Interactions of lipid a and liposome-associated lipid A with Limulus polyphemus amoebocytes.

Lipid A or lipid A fractions and liposomes containing lipid A were tested for the ability to gel Limulus amoebocyte lysates and for effects on intact Limulus amoebocytes. Liposomes having a relatively low concentration of lipid A did not produce coagulation of lysate and were designated as Limulus-negative, but liposomes having a high concentration of lipid A were Limulus-positive. Limulus-negative liposomes had no effect on intact amoebocytes. Limulus-positive liposomes caused a striking transformation in the appearance of amoebocytes in that the cells sent out long filamentous extensions that formed a tangled network of processes between cells.
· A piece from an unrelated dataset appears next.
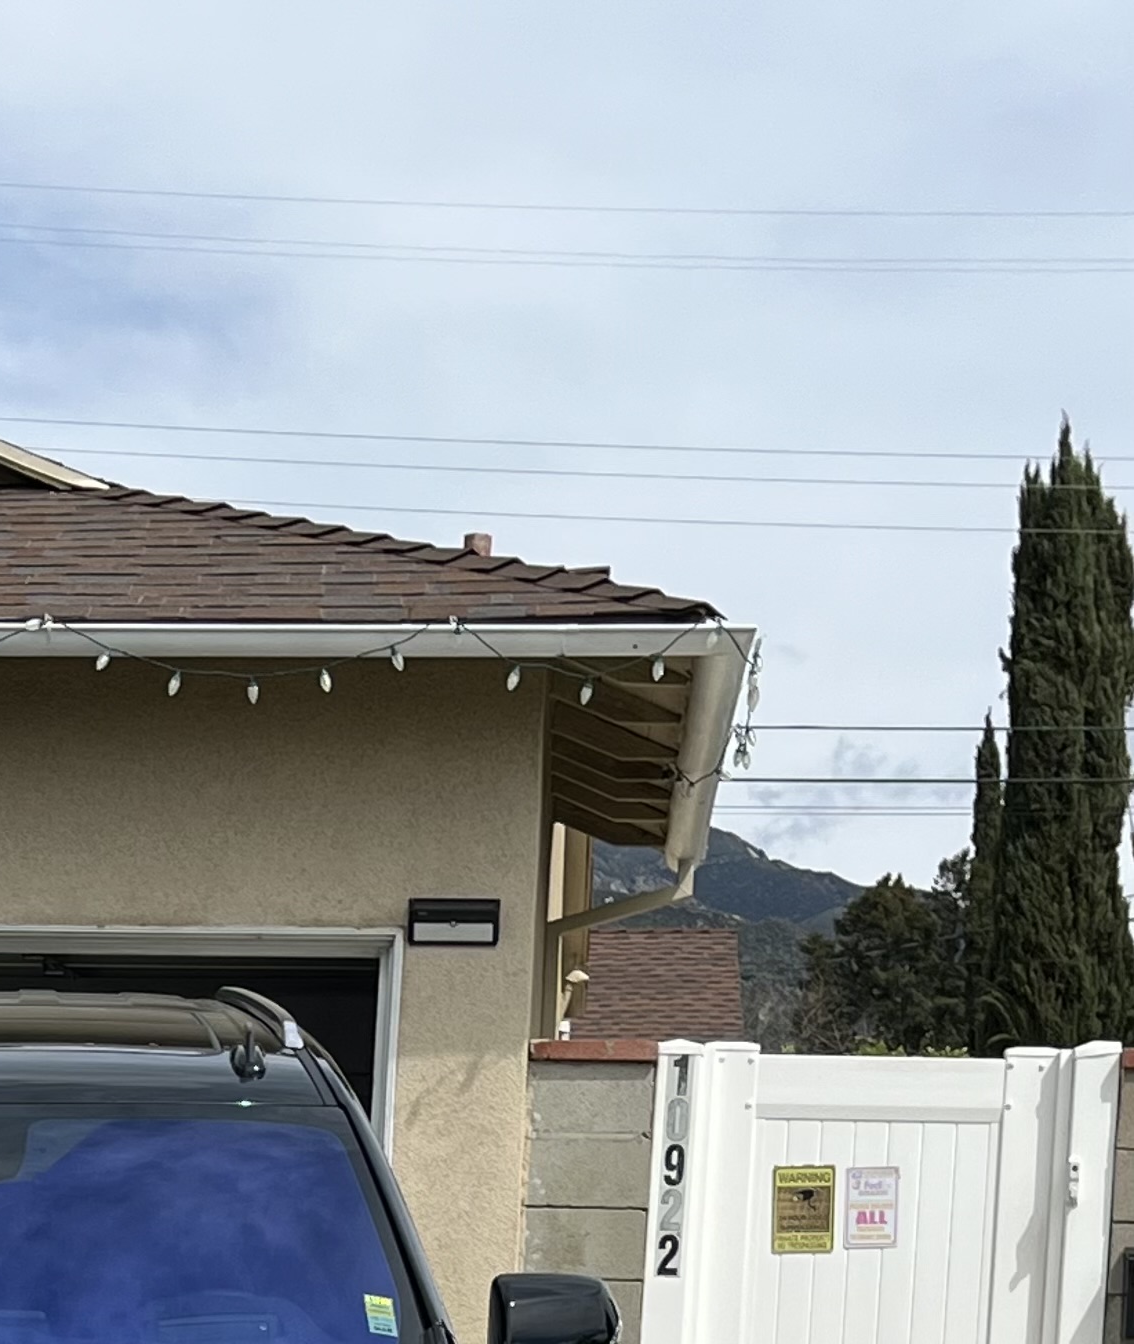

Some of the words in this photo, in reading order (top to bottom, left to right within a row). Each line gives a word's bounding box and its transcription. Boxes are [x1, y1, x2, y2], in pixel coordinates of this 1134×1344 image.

[657, 1054, 689, 1275] 10922
[777, 1172, 831, 1184] WARNING
[856, 1210, 888, 1225] ALL
The filamentous projections were similar to those that have been previously observed in the presence of gram-negative bacteria. We conclude that amoebocytes have the ability to recognize Limulus-positive liposomes, but the lack of activation of Limulus lysate or the absence of amoebocyte recognition does not prove the absence of liposomal lipid A. We also found that individual lipid A fractions were heterogeneous in their ability to gel lysate. Of eight fractions tested, one (fraction 1) had no detectable activity above the background, and the seven others had activity that ranged from 10-fold to 10,000-fold above the background. The heterogeneity of lipid A fractions detected in assays with amoebocyte lysate was consistent with the finding of heterogeneity in other functional assays of lipid A fractions.